Glancing at my watch, I see that the evening is well under way, and I still have to find someone from Northern Ireland. I wave my hand to the bartender. He nods his head, pours himself a beer and comes to take a seat with us. With wide shoulders, a bushy beard and a somewhat gruff air to him, Darragh is stereotypically Irish. He used to live in Dublin and has been a bartender in Brussels for several years. Contrary to what we’ve just heard, he spontaneously starts speaking about what Brexit means for Ireland. “It’s an opportunity for Ireland, now, because the US is going to be turning its money towards us,” he predicts. Darragh is old enough to remember the months of terror and the attacks that adorned the North-Irish conflict. “I remember seeing that, three or four times a week in the news, there had been a bomb or shootings. Young people don’t remember. But the feeling is still there. If they put up a hard border with checks and controls, it’s going to resurface,” he says, regrettably.
It’s quite a gloomy picture Daarragh paints, even if he knows that it’s hard to predict how things will end. As I thank him for his answers, he turns to ask me the same question: “And you, what do you think of Brexit?” A little surprised by this turnaround, I blabber some generality about the British faux pas. We laugh for a few minutes, but it’s time we continue what has turned into a pub crawl. My last question will be: “Do you know any Northern Irish people around here?” After a moment of reflection, he tells me to go to a bar-restaurant at the end of the street. Full of hope, we set out to the “Wild-Geese”.

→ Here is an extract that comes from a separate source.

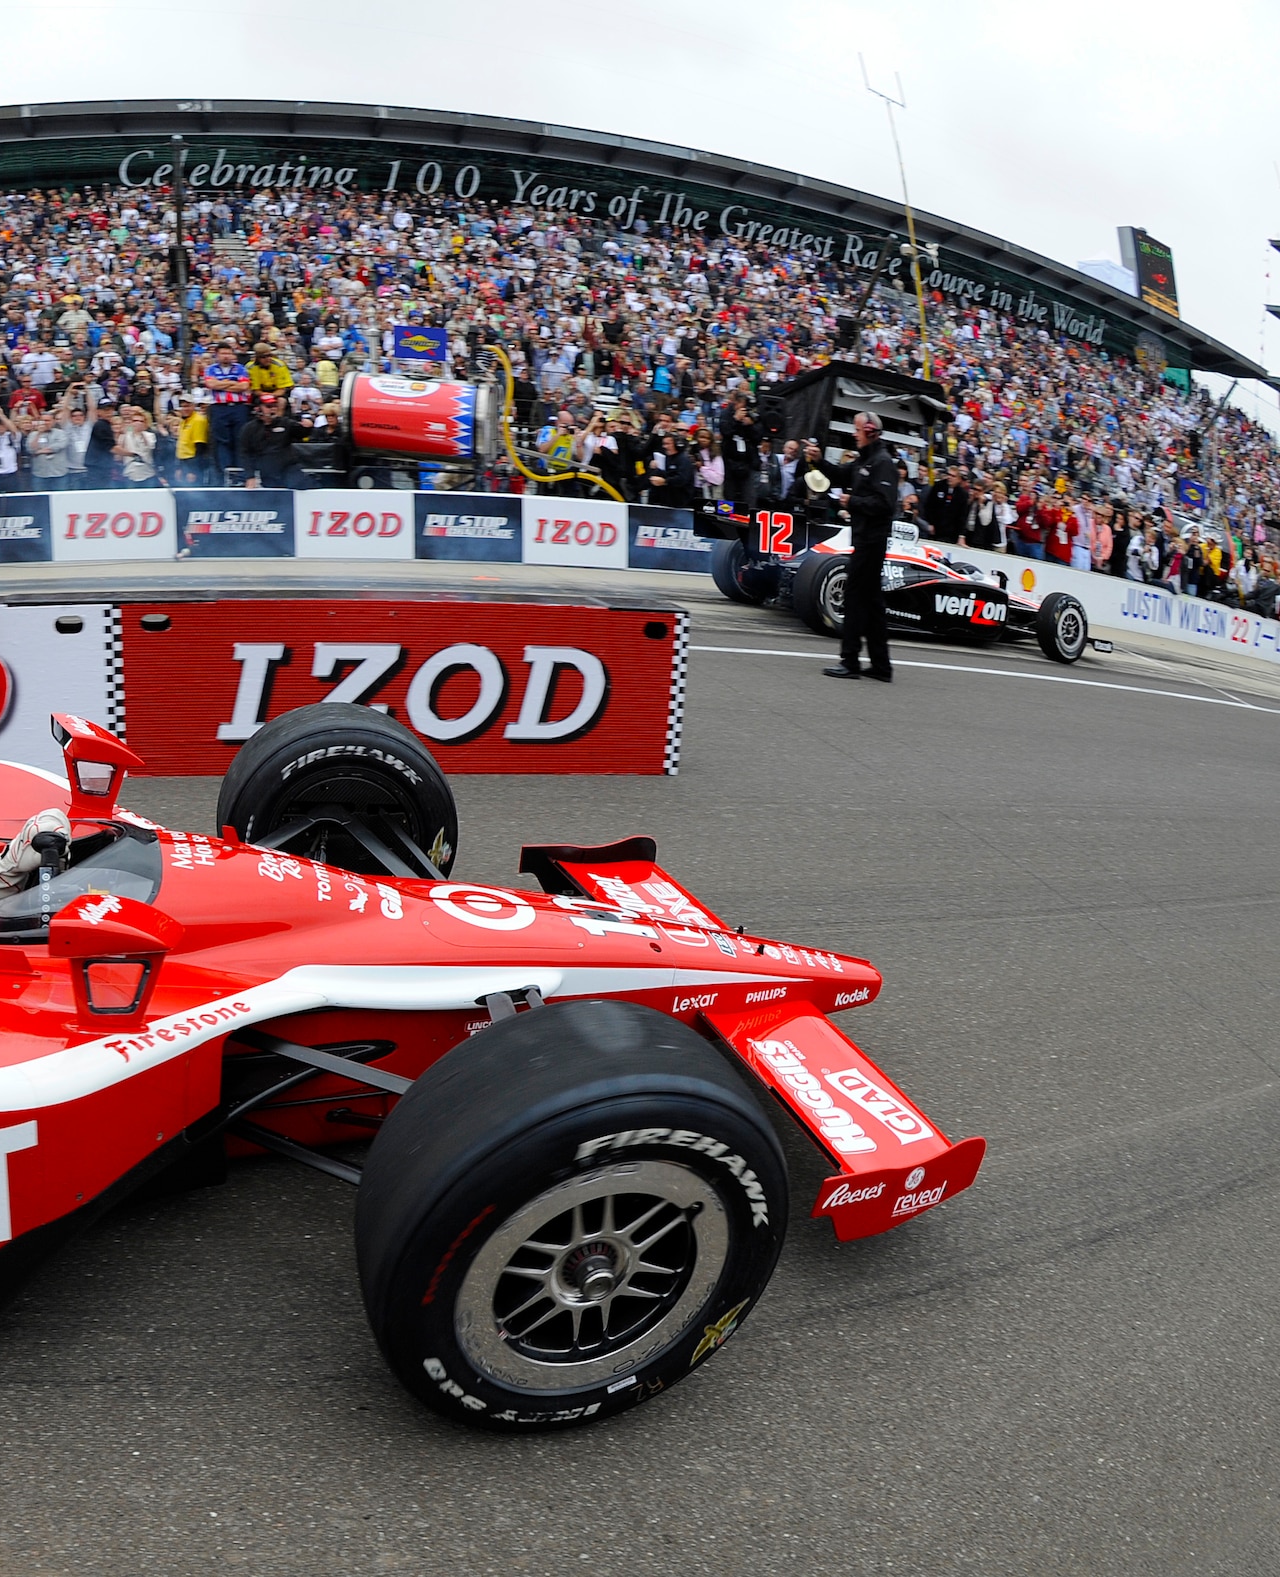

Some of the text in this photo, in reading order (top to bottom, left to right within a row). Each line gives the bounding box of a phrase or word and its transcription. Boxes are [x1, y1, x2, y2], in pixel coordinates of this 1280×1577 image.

That’s where we meet Paddy. The place is less typical, much more polished. Luckily, Paddy comes from Northern Ireland and agrees to speak to us. He has lived in Belgium for seven years, and grew up in Belfast. He is profoundly saddened by Brexit. “It was shocking, it was a national suicide. I think that those who voted had all the necessary information on the consequences of their vote,” the bartender explains, and continues: “It hasn’t really impacted my life directly but it’s traumatising. Especially for all the young people who voted against Brexit because they wanted to work and have experiences in Europe.” Between two beers, he admits being scared of the problems and tensions that will arise if a hard border finally gets put in place: “Free movement is very important to those living on either side of the border. I have a nationalist past, I don’t really recognise the state of Northern Ireland and I don’t really recognise the border,” the 40-year-old explains.

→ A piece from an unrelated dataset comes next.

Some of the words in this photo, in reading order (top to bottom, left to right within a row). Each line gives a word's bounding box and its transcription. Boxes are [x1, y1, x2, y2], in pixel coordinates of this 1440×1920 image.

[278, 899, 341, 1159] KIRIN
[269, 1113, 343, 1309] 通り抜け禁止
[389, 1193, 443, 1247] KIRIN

At the end of all these encounters, I understand that Irish people feel a little dispossessed of their right to decide. In any case, things can change in a heartbeat, and the voice that still sticks in my head until today is when an English man said: “Hurry up writing your article, because it’s not going to happen.” Not much has changed since, except for Theresa May promising that no hard border will be put in place…
Silvia Giacon and Isaure Magnien also contributed to this article.